You would be hard-pressed to find an African-American lawyer or politician who does not know the name Charles Ogletree as a deeply valued sponsor or role model. His brilliance as a prominent Harvard Law Professor is eclipsed only, perhaps, by his empathy, generosity and kindness.
In 2015, at age 62, “Tree” – as his friends call him – was diagnosed with Alzheimer’s disease. Very quickly, his family and friends began to endure the painful process of losing the person they knew, the man they loved. Last year his family and the Boston police spent six hours trying to find Tree – he
Every day his wife, Pam, and their family watch him live with a disease that impedes his ability to communicate, to move, to remember. A disease that has robbed him of his identity.
This is what Alzheimer’s disease looks like in 2020. And I’ll bet almost all of us know and love someone like Tree.
But imagine for a moment that we are living in the 2030s.
Imagine that someone very much like Tree is sending communications from his smart device. Suddenly, he and his wife get an alert from a digital app that detects patterns characteristic of very early, subclinical neurodegeneration.
Subsequent medical consultation and brain imaging confirm preclinical Alzheimer’s disease.

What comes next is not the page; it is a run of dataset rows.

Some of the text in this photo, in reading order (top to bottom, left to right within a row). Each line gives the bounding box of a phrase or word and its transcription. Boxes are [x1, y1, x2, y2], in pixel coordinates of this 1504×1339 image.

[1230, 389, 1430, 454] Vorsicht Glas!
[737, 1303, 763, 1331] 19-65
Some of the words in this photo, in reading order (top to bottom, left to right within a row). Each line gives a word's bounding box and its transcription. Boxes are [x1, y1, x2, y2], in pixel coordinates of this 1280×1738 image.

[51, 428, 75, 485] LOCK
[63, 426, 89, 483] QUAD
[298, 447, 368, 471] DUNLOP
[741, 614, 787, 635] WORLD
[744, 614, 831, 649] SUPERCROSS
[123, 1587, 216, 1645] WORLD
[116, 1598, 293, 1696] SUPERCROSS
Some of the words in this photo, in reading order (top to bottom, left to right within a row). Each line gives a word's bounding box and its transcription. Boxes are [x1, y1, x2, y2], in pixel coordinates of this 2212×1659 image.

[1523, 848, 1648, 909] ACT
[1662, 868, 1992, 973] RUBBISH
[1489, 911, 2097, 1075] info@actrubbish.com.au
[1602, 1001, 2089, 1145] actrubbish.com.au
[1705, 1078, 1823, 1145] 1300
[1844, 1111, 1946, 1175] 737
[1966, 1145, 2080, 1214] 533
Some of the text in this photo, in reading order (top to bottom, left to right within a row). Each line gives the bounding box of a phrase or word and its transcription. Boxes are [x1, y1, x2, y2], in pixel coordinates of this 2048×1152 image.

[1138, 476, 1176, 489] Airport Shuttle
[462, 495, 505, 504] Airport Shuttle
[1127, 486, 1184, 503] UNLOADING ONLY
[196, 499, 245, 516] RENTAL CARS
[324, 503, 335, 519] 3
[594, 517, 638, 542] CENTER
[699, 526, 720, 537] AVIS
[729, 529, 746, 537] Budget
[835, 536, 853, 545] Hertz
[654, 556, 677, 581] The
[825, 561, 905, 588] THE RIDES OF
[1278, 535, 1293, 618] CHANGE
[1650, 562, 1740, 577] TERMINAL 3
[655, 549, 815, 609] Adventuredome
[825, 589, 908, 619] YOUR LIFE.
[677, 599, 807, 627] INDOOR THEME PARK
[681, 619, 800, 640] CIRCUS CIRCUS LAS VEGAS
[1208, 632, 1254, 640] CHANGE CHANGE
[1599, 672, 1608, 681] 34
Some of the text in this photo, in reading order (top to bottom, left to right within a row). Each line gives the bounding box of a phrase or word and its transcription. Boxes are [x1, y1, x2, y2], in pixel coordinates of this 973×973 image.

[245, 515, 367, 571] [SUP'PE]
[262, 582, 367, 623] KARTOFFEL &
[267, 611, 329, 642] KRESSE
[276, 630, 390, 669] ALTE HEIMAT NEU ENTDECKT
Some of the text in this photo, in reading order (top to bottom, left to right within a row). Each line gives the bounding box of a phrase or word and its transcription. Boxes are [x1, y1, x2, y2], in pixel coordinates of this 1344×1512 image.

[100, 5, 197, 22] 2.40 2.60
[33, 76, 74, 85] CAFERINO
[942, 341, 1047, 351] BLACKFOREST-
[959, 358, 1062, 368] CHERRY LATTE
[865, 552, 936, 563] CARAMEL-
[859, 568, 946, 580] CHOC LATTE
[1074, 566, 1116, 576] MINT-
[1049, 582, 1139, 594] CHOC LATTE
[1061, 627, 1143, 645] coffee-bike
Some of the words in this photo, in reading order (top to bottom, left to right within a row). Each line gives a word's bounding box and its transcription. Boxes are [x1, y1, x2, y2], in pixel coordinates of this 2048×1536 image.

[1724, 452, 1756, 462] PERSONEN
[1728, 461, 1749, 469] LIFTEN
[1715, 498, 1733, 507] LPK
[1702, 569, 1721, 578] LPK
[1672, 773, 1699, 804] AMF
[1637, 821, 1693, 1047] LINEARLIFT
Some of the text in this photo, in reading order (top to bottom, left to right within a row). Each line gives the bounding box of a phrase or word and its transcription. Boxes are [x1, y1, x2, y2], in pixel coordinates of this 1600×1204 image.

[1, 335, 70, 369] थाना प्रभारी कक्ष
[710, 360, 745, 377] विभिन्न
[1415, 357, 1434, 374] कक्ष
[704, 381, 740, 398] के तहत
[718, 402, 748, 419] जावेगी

That patient goes on a treatment plan that includes medicines shown in the 2020s to slow progression of the disease. This treatment is part of an integrated solution that leverages clinical, imaging and digital data from the patient to guide optimal intervention.
The patient’s healthcare network has deployed this integrated solution broadly, because it has been shown to both improve outcomes and help reduce overall healthcare costs for patients with neurodegenerative diseases.
At Roche, we work to fulfill a promise to future patients and society to deliver on this vision. For people in the earliest stage of the disease, we know that pairing technology and medicine could change the trajectory of their lives.
It’s too late for Tree to benefit from this vision. But I think about my friend often as I work ... because for people like Tree, and the millions who have yet to be diagnosed with disease, we can’t move fast enough.